WORK ORDER => An exact copy of every entry is required, minus the pictures.

====== DATA TO PROCESS

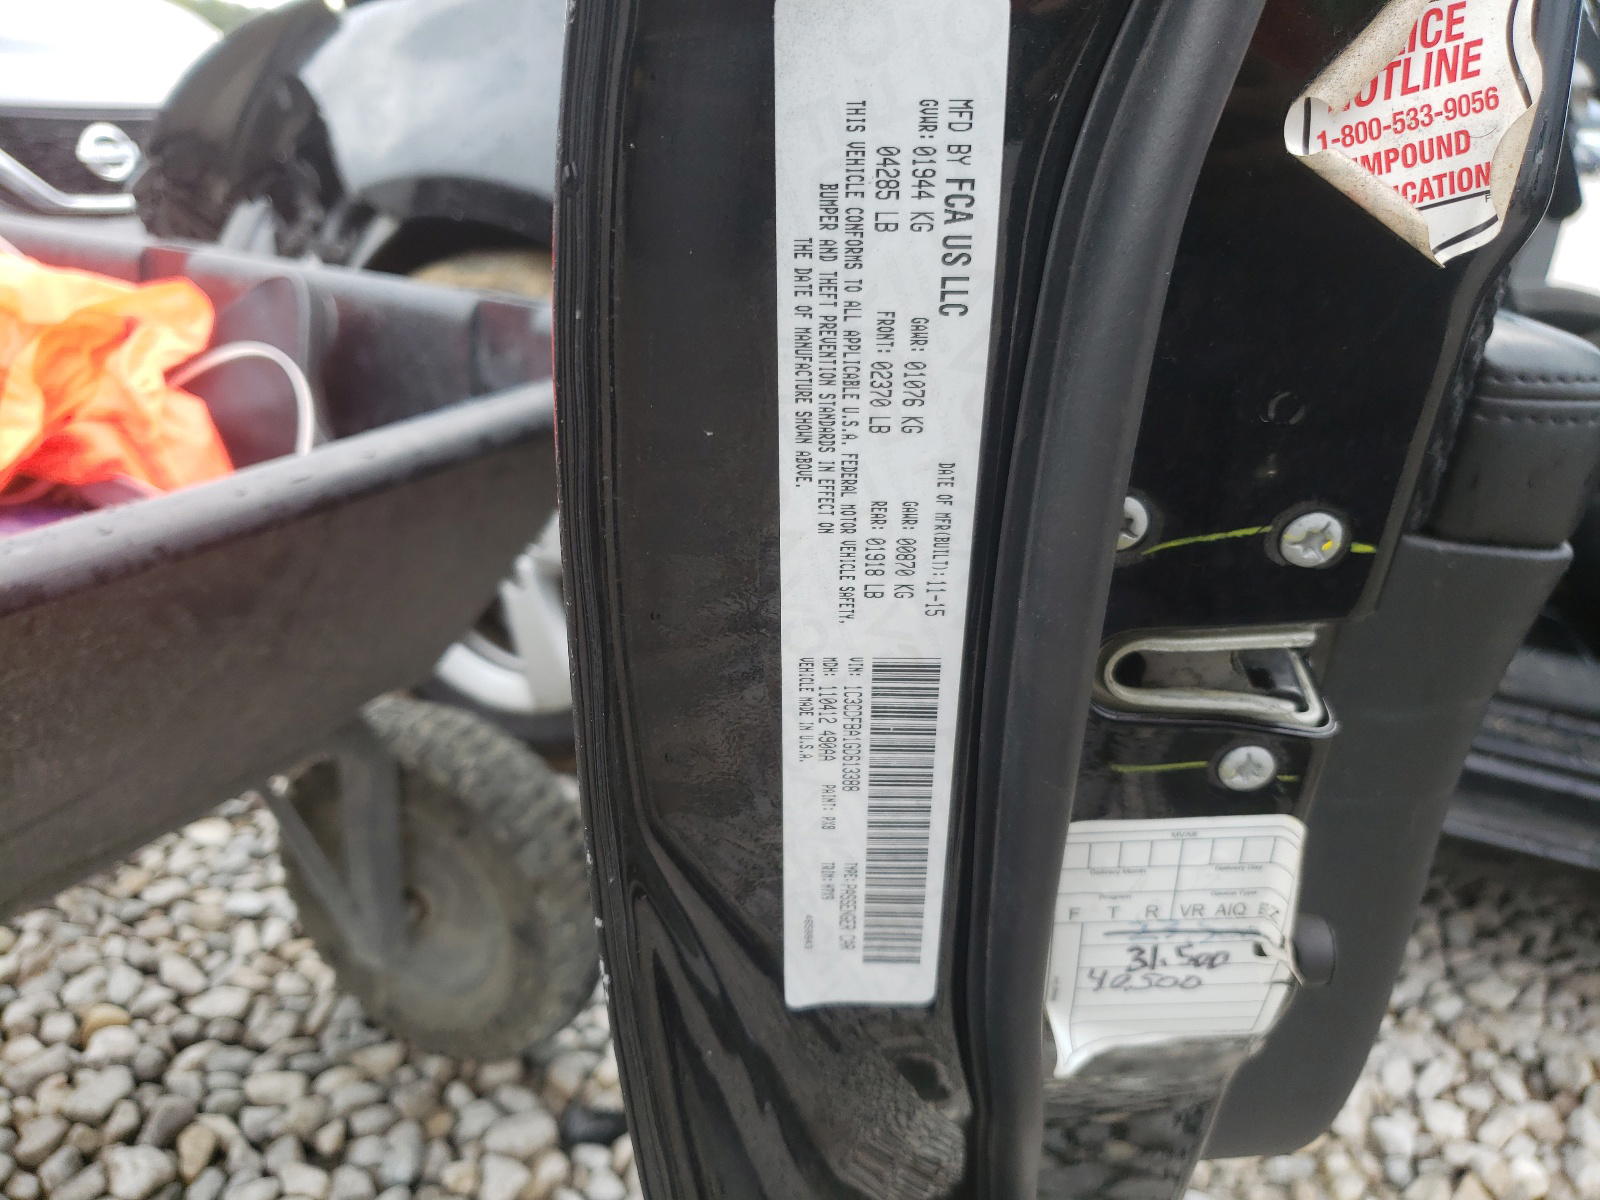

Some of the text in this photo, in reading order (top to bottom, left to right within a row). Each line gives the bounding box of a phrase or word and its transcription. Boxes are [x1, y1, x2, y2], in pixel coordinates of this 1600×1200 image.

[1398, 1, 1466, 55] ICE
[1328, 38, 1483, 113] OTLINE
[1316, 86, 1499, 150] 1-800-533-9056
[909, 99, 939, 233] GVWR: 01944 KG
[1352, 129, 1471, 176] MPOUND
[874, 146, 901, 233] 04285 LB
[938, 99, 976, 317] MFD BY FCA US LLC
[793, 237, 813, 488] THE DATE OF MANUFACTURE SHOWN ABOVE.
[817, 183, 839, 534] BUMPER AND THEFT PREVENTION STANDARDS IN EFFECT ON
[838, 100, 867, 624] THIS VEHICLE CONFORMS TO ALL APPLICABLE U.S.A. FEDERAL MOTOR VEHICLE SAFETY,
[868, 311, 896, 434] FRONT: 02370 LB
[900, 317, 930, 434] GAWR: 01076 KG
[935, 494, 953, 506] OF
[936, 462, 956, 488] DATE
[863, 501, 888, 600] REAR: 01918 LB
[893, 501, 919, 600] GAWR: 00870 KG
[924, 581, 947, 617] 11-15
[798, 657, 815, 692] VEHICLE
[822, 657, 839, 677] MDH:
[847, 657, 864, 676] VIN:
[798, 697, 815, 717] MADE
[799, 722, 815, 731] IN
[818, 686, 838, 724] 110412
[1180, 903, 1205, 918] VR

============

TASK OUTPUT =>
Some of the text in this photo, in reading order (top to bottom, left to right within a row). Each line gives the bounding box of a phrase or word and its transcription. Boxes are [x1, y1, x2, y2], in pixel coordinates of this 1600×1200 image.

[1398, 1, 1466, 55] ICE
[1328, 38, 1483, 113] OTLINE
[1316, 86, 1499, 150] 1-800-533-9056
[909, 99, 939, 233] GVWR: 01944 KG
[1352, 129, 1471, 176] MPOUND
[874, 146, 901, 233] 04285 LB
[938, 99, 976, 317] MFD BY FCA US LLC
[793, 237, 813, 488] THE DATE OF MANUFACTURE SHOWN ABOVE.
[817, 183, 839, 534] BUMPER AND THEFT PREVENTION STANDARDS IN EFFECT ON
[838, 100, 867, 624] THIS VEHICLE CONFORMS TO ALL APPLICABLE U.S.A. FEDERAL MOTOR VEHICLE SAFETY,
[868, 311, 896, 434] FRONT: 02370 LB
[900, 317, 930, 434] GAWR: 01076 KG
[935, 494, 953, 506] OF
[936, 462, 956, 488] DATE
[863, 501, 888, 600] REAR: 01918 LB
[893, 501, 919, 600] GAWR: 00870 KG
[924, 581, 947, 617] 11-15
[798, 657, 815, 692] VEHICLE
[822, 657, 839, 677] MDH:
[847, 657, 864, 676] VIN:
[798, 697, 815, 717] MADE
[799, 722, 815, 731] IN
[818, 686, 838, 724] 110412
[1180, 903, 1205, 918] VR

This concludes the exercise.